What to work on: Reproduce the entries in full. Exclude all images from the copy.

<<<<

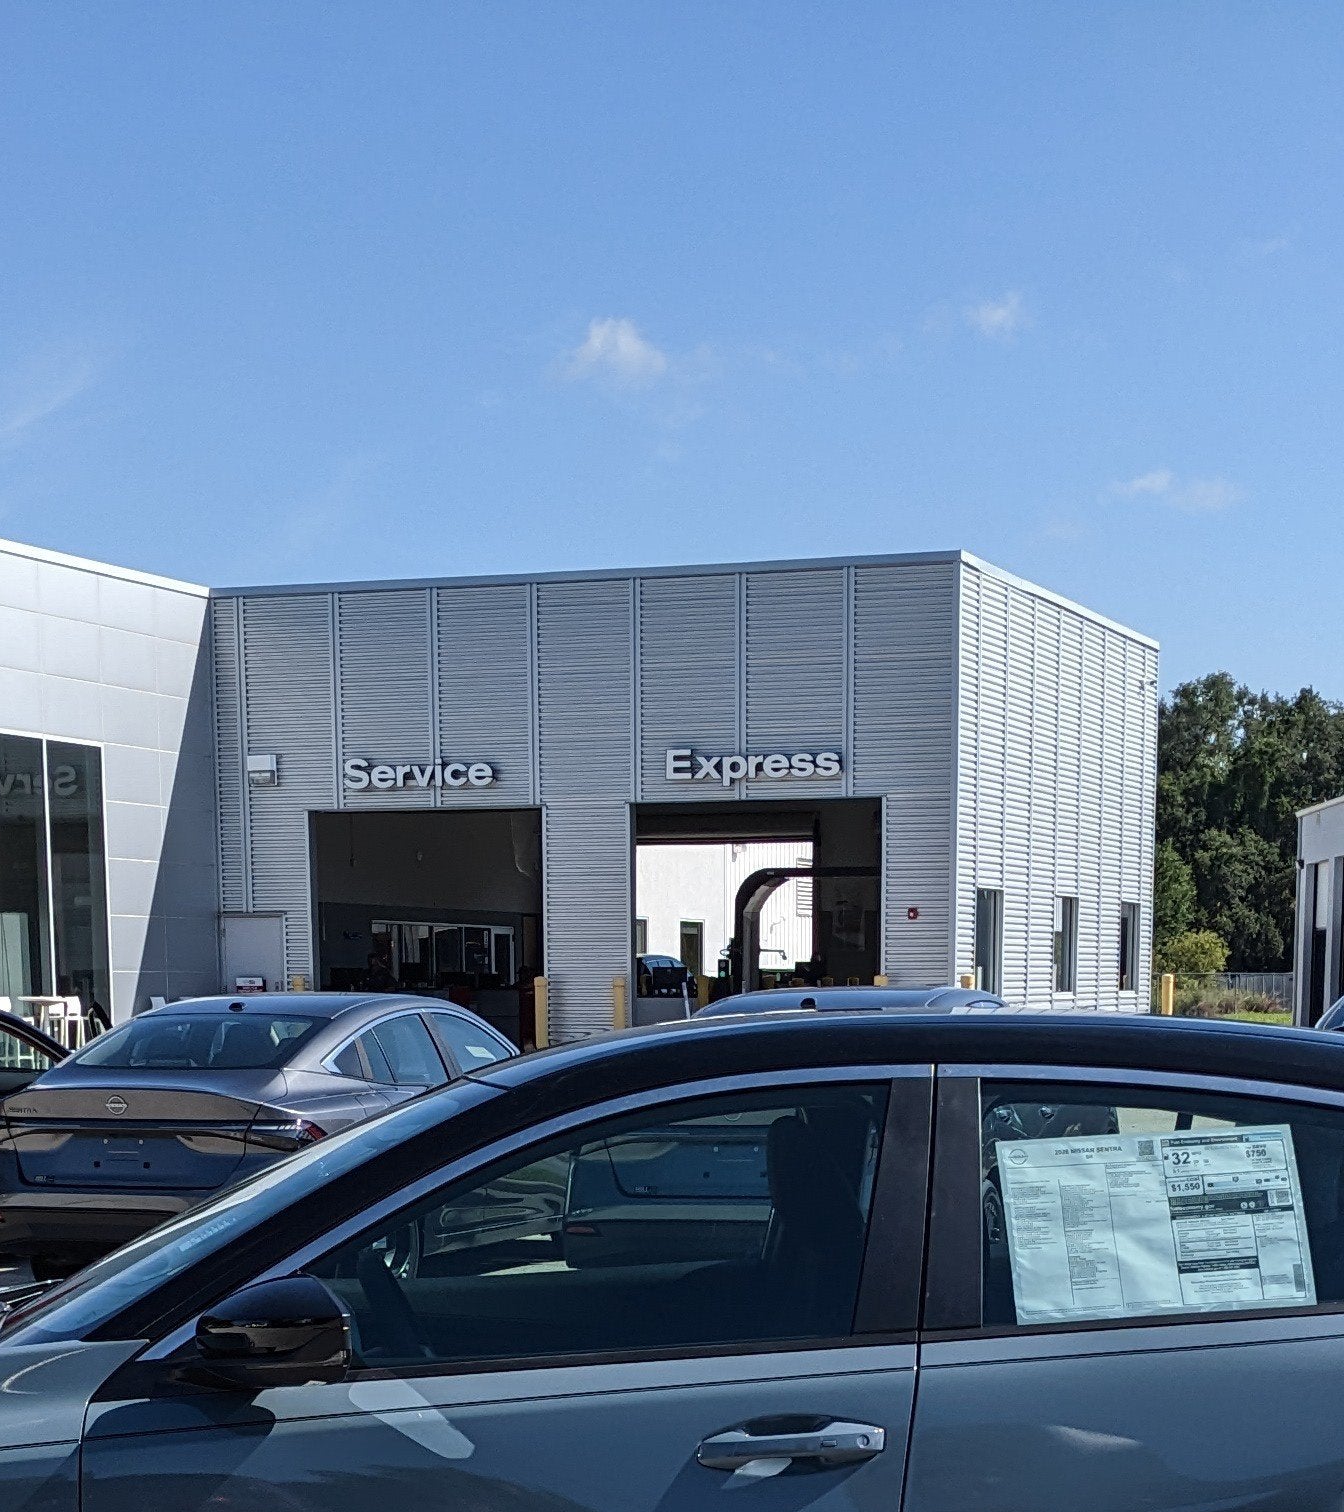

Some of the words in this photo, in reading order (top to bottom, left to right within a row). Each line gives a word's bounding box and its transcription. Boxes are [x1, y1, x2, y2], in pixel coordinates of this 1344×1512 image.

[343, 758, 495, 790] Service
[666, 749, 842, 787] Express
[1171, 1151, 1191, 1165] 32
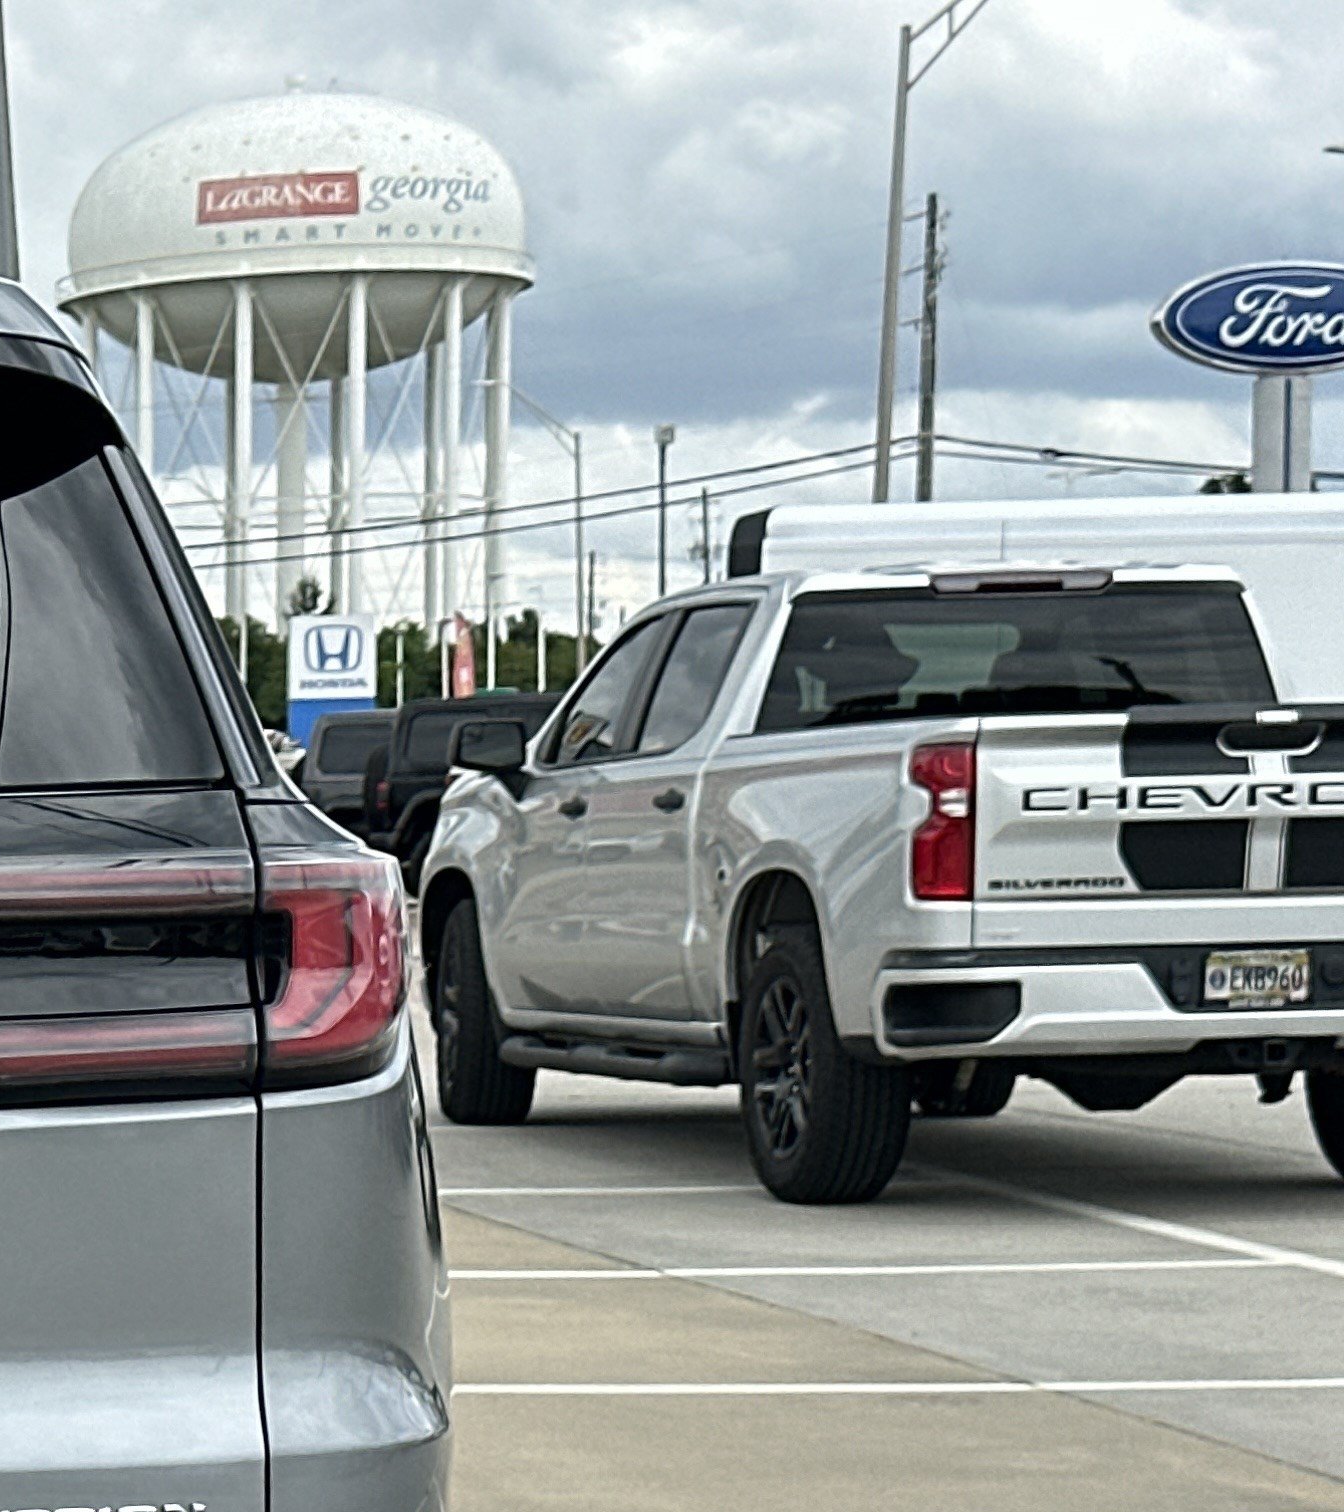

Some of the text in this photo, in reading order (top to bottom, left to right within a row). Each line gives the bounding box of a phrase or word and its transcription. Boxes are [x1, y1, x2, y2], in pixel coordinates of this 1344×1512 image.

[364, 174, 490, 214] georgia
[215, 223, 347, 245] SMART
[299, 678, 368, 689] HONDA
[987, 877, 1127, 890] SILVERADO
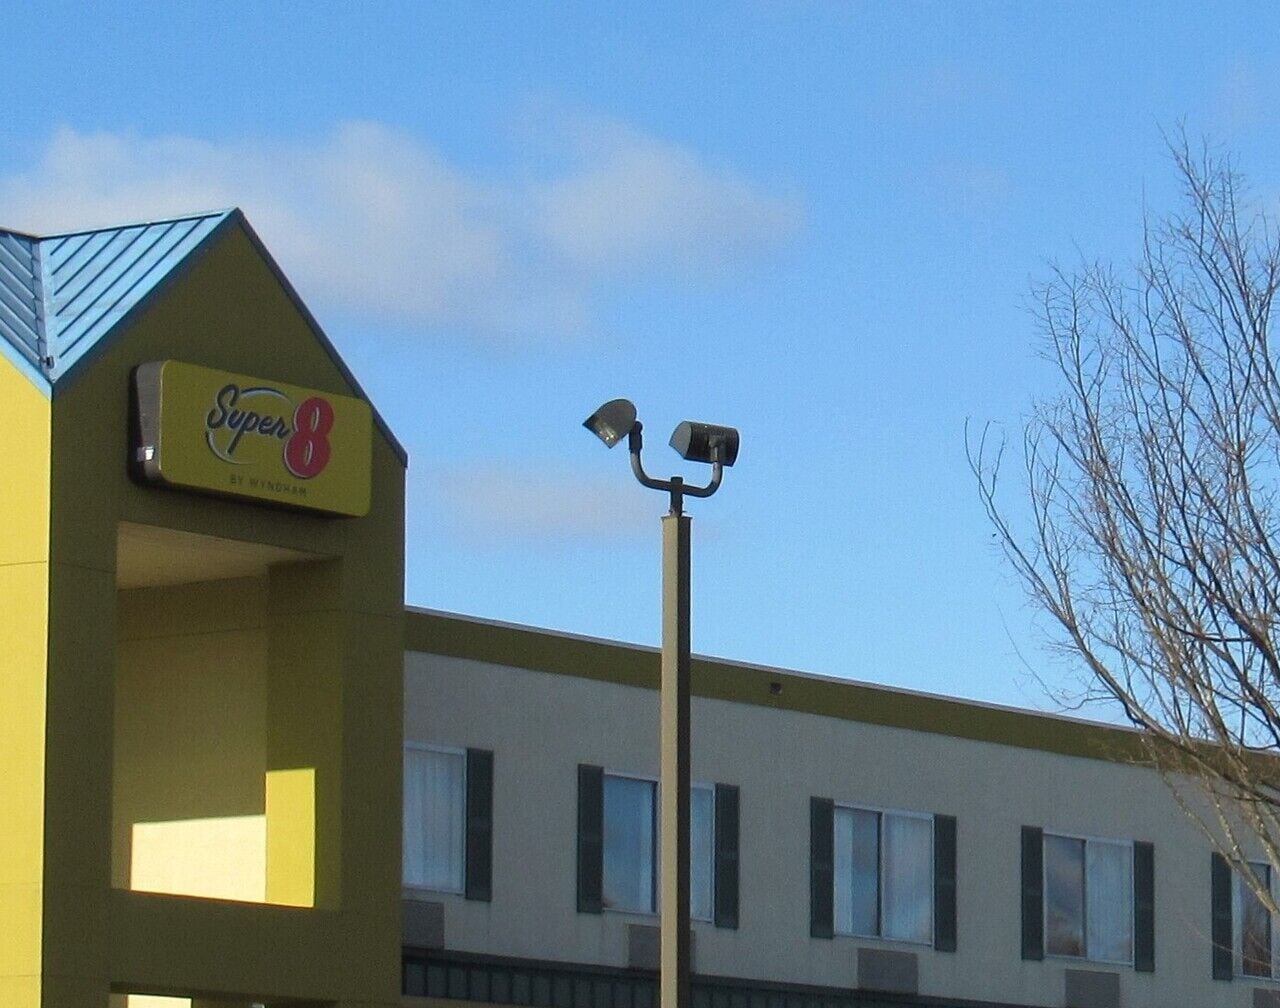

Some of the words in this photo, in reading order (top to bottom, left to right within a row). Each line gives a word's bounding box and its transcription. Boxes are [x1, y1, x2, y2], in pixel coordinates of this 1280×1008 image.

[206, 384, 290, 456] Super
[283, 396, 334, 480] 8
[229, 473, 244, 485] BY
[249, 475, 308, 497] WYNDHAM

>>>>

Your solution:
Some of the words in this photo, in reading order (top to bottom, left to right within a row). Each line gives a word's bounding box and its transcription. Boxes are [x1, y1, x2, y2], in pixel coordinates of this 1344×1512 image.

[343, 758, 495, 790] Service
[666, 749, 842, 787] Express
[1171, 1151, 1191, 1165] 32

Some of the text in this photo, in reading order (top to bottom, left to right within a row). Each line gives the bounding box of a phrase or word and its transcription. Boxes are [x1, y1, x2, y2], in pixel coordinates of this 1344×1512 image.

[364, 174, 490, 214] georgia
[215, 223, 347, 245] SMART
[299, 678, 368, 689] HONDA
[987, 877, 1127, 890] SILVERADO

Some of the words in this photo, in reading order (top to bottom, left to right within a row). Each line gives a word's bounding box and its transcription. Boxes are [x1, y1, x2, y2], in pixel coordinates of this 1280×1008 image.

[206, 384, 290, 456] Super
[283, 396, 334, 480] 8
[229, 473, 244, 485] BY
[249, 475, 308, 497] WYNDHAM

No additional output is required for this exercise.